TWEAK induces NF-κB2 p100 processing and long lasting NF-κB activation

Tumor necrosis factor (TNF)-like weak inducer of apoptosis (TWEAK) is a member of the TNF superfamily that has been shown to induce angiogenesis, apoptosis in tumor cells, and NF-κB activation through binding to its receptor fibroblast growth factor-inducible 14. We have identified TWEAK as an inducer of constitutive NF-κB activation by expression cloning, and we report here sequential regulation by TWEAK of two separate signaling caseades for NF-κB activation, the NF-κB essential modulator-dependent and -independent signaling pathways. Upon TWEAK stimulation, IκB is rapidly phosphorylated, generating NF-κB DNA-binding complexes containing p50 and RelA in a manner dependent on the canonical IκB kinase complex. Unlike TNF-α, TWEAK stimulation results in prolonged NF-κB activation with a transition of the DNA-binding NF-κB components from RelA- to RelB-containing complexes by 8 h, and the latter remained active in binding at least until 24 h post-stimulation. This long lasting activation is accompanied by the proteasome-mediated processing of NF-κB2/p100, which does not depend on the NF-κB essential modulator but requires IκB kinase 1 and functional NF-κB-inducing kinase activity.

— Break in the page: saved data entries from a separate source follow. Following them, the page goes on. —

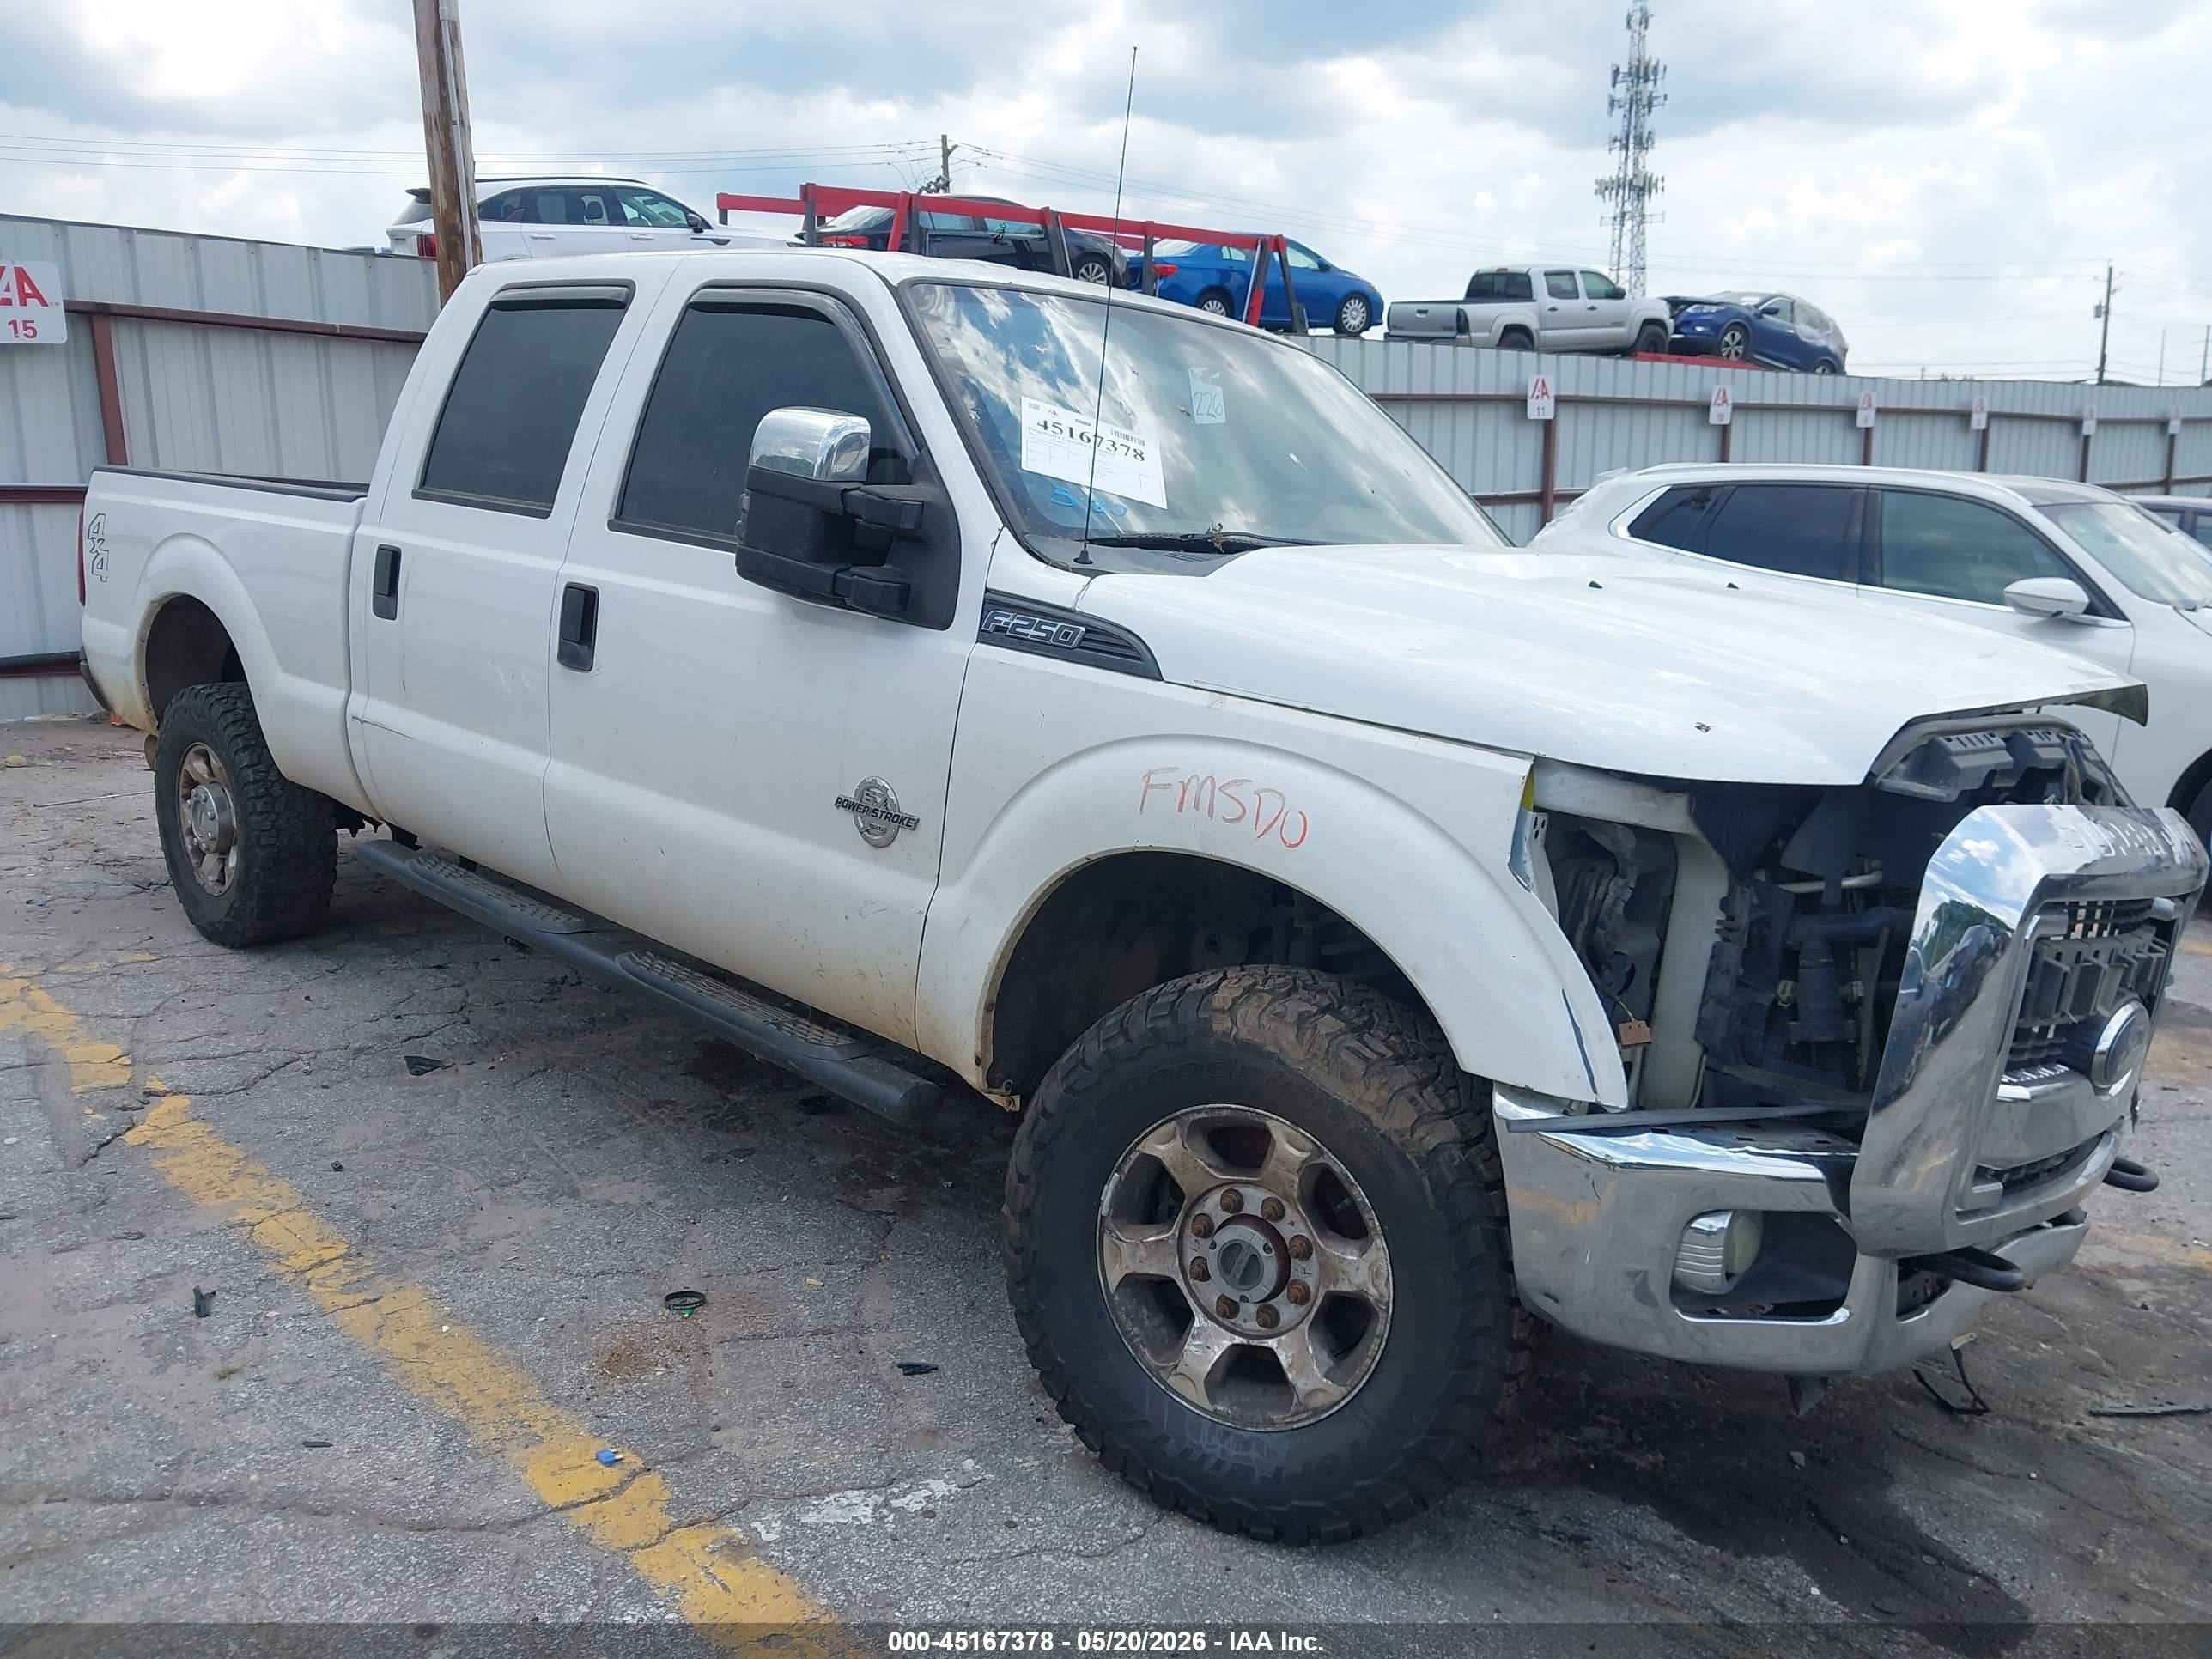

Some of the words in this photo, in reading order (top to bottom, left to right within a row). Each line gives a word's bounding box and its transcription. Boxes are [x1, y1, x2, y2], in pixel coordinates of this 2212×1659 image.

[8, 319, 37, 339] 15
[1193, 391, 1224, 417] 226
[1037, 420, 1146, 462] 45167378
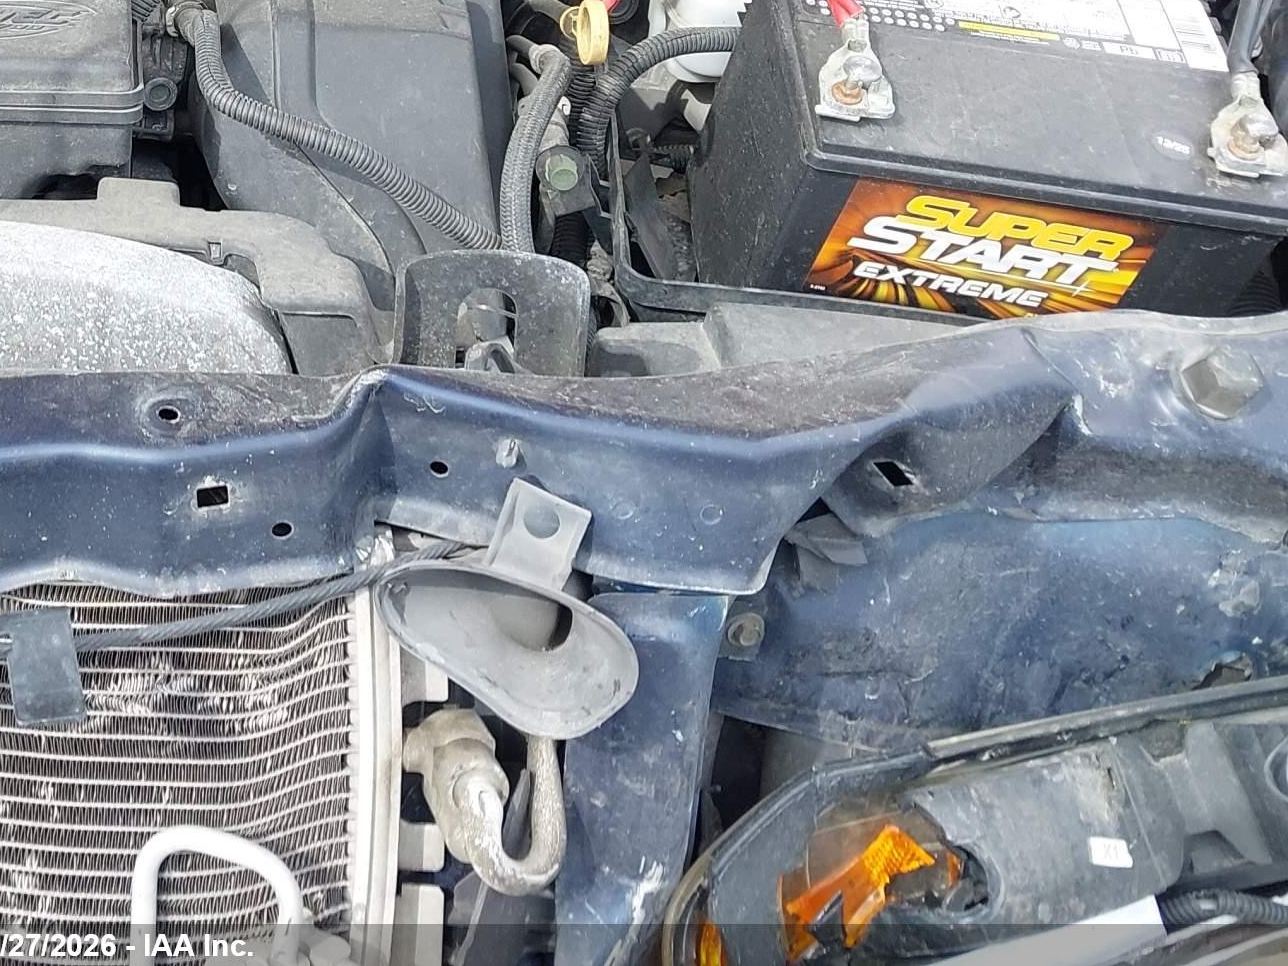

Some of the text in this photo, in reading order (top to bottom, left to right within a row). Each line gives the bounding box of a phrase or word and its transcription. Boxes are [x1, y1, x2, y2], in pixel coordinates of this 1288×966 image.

[847, 216, 1119, 285] START
[895, 195, 1133, 261] SUPER
[853, 261, 1049, 307] EXTREME
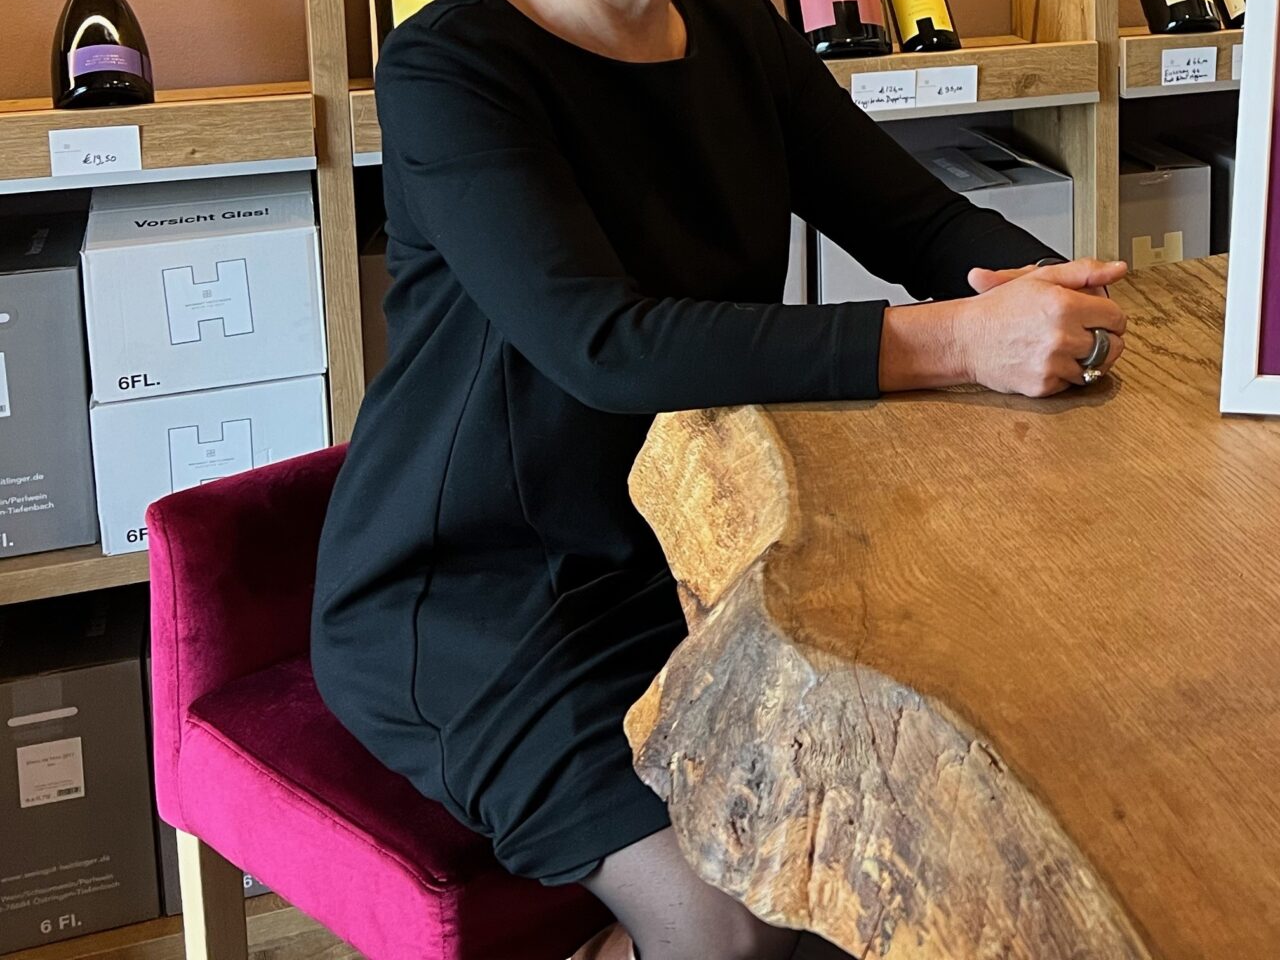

Finally, we show that fibroblast growth factor-inducible 14 with a mutation at its TNF receptor-associated factor (TRAF)-binding site cannot activate NF-κB and that TWEAK fails to induce the p100 processing and IκBα phosphorylation in cells deficient for TRAF2 and TRAF5. Our results thus identify TWEAK as a novel physiological regulator of the non-canonical pathway for NF-κB activation.